Engineering autologous dermo-epidermal skin composites in vitro

Extensive skin loss may result from burns, soft tissue trauma, various skin diseases, and from removal of giant naevi. Taken together, these conditions still represent a significant clinical problem. Although most of these patients survive today, and although various skin transplantation techniques finally allow restoration of skin integrity, the functional and cosmetic results are far from ideal. This is mainly due to disfiguring and often disabling hypertrophic scarring and keloid formation which is a consistent and lifelong sequel after large scale skin transplantation, particularly in children. Thus, an autologous dermo-epidermal skin substitute (consisting of cultured human keratinocytes, endothelial cells, myoepithelial cells and fibroblasts) which is timely available, easily transplantable and that yields functional and cosmetic long-term results with minimal or even no scarring would be an optimal solution to repair large skin defects.

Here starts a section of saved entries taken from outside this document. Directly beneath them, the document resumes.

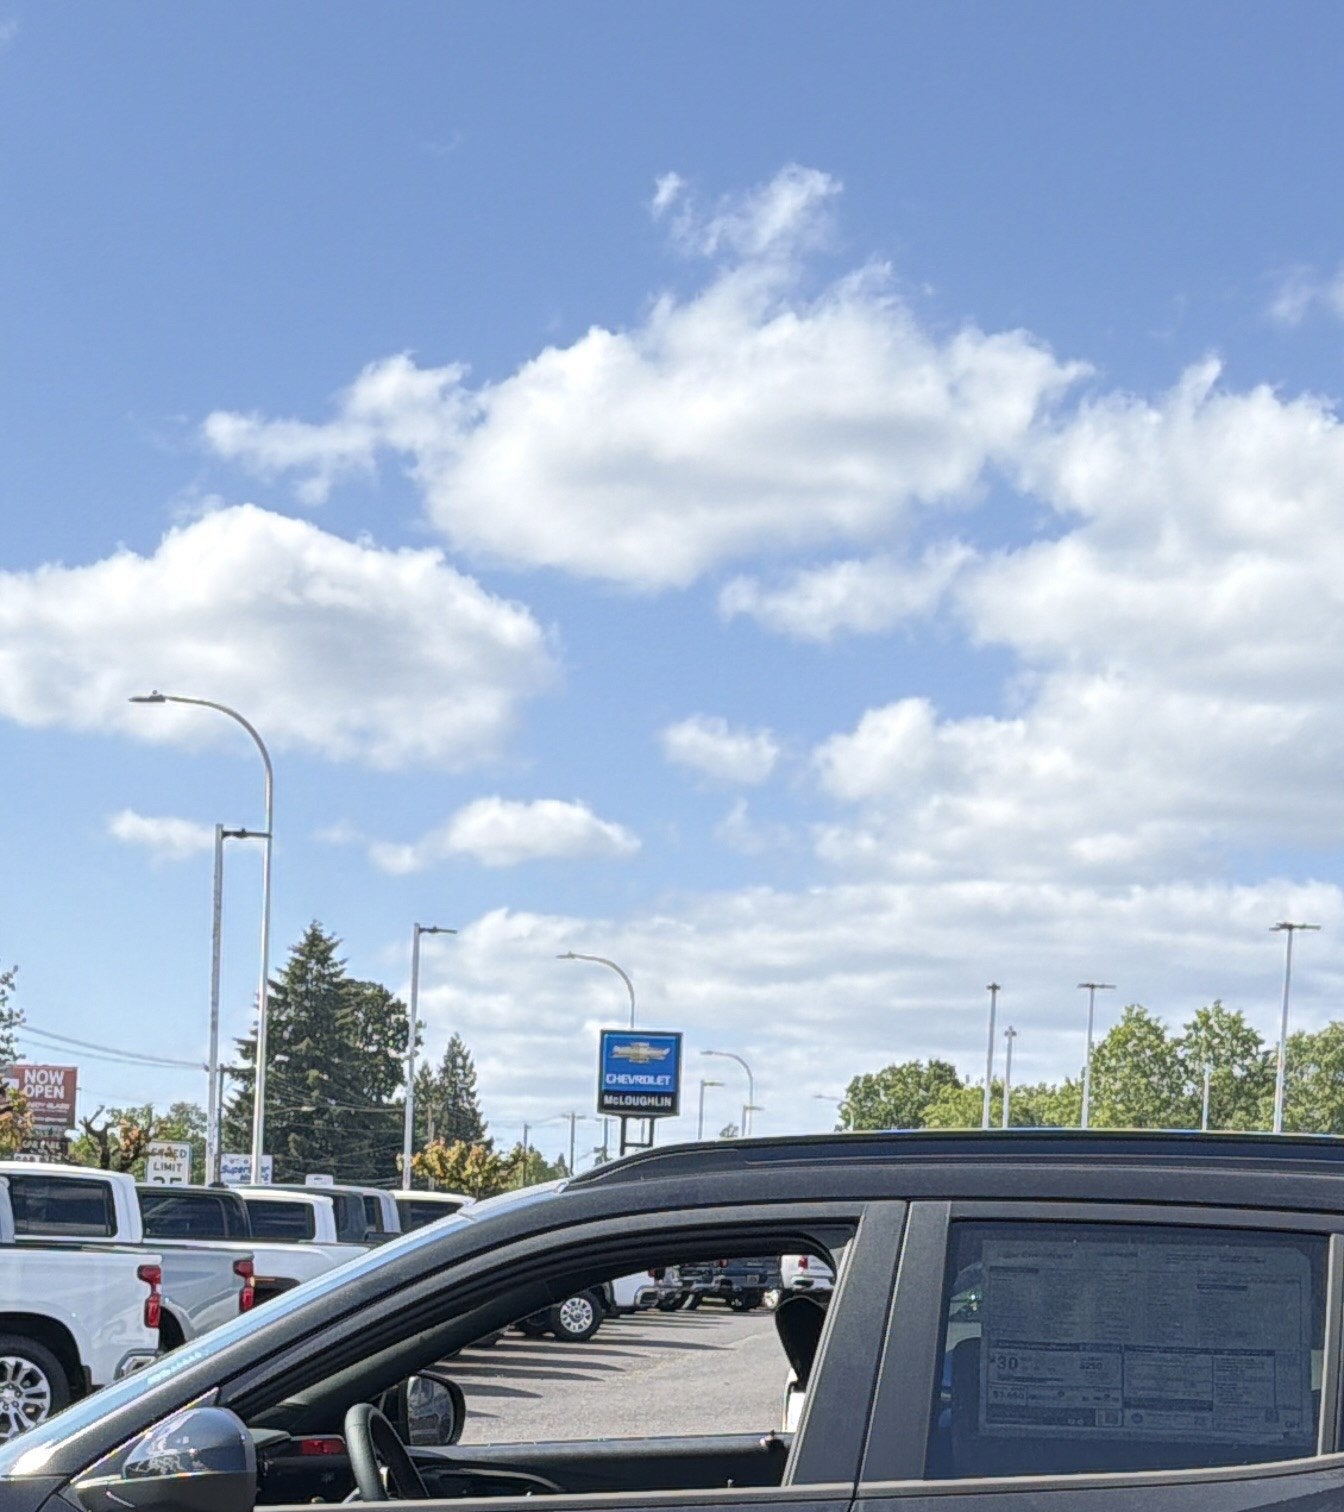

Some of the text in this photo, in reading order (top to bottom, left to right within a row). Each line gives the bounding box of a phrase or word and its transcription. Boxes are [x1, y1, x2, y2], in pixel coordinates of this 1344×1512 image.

[24, 1069, 64, 1085] NOW
[606, 1073, 671, 1085] CHEVROLET
[23, 1085, 64, 1099] OPEN
[603, 1095, 672, 1106] McLOUGHLIN
[153, 1162, 182, 1172] LIMIT
[997, 1355, 1018, 1370] 30

Our goal is to develop autologous dermo-epidermal skin composites (full thickness skin analogues) that can be used clinically to cover skin defects of any origin in one single surgical intervention. To achieve that, these composites have to fulfill the following criteria:
a) the dermo-epidermal graft serves as a skin analogue both morphologically and functionally
b) it contains an intact stem cell compartment
c) it is rapidly and sufficiently vascularized after grafting
d) it has adequate mechanical properties for transplantation, in particular is has developed a robust dermo-epidermal junction

We are currently testing different types of biodegradable matrices which serve as dermal templates with regard to being populated by endothelial cells and fibroblasts. Additionally, we are creating genetically engineered allogeneic fibroblasts overexpressing and releasing biologically active molecules, such as certain members of the Wnt, Notch and Hedgehog families, which are thought to be implicated in the maintenance of the stem cell compartment. This gene transfer approach is deliberately designed to bring about the transient expression of the "therapeutic" gene. The transient character of this strategy results from the fact that the genetically manipulated fibroblasts are allogenic and hence will be eliminated by the immune system within 3-4 weeks.
Some of the cultured dermo-epidermal composites have already been transplanted onto immuno-incompetent rats to study take, engraftment, as well as early and late functional and cosmetic results.
As soon as a cultured skin substitute performs successfully in the animal model, a clinical pilot study will be envisioned.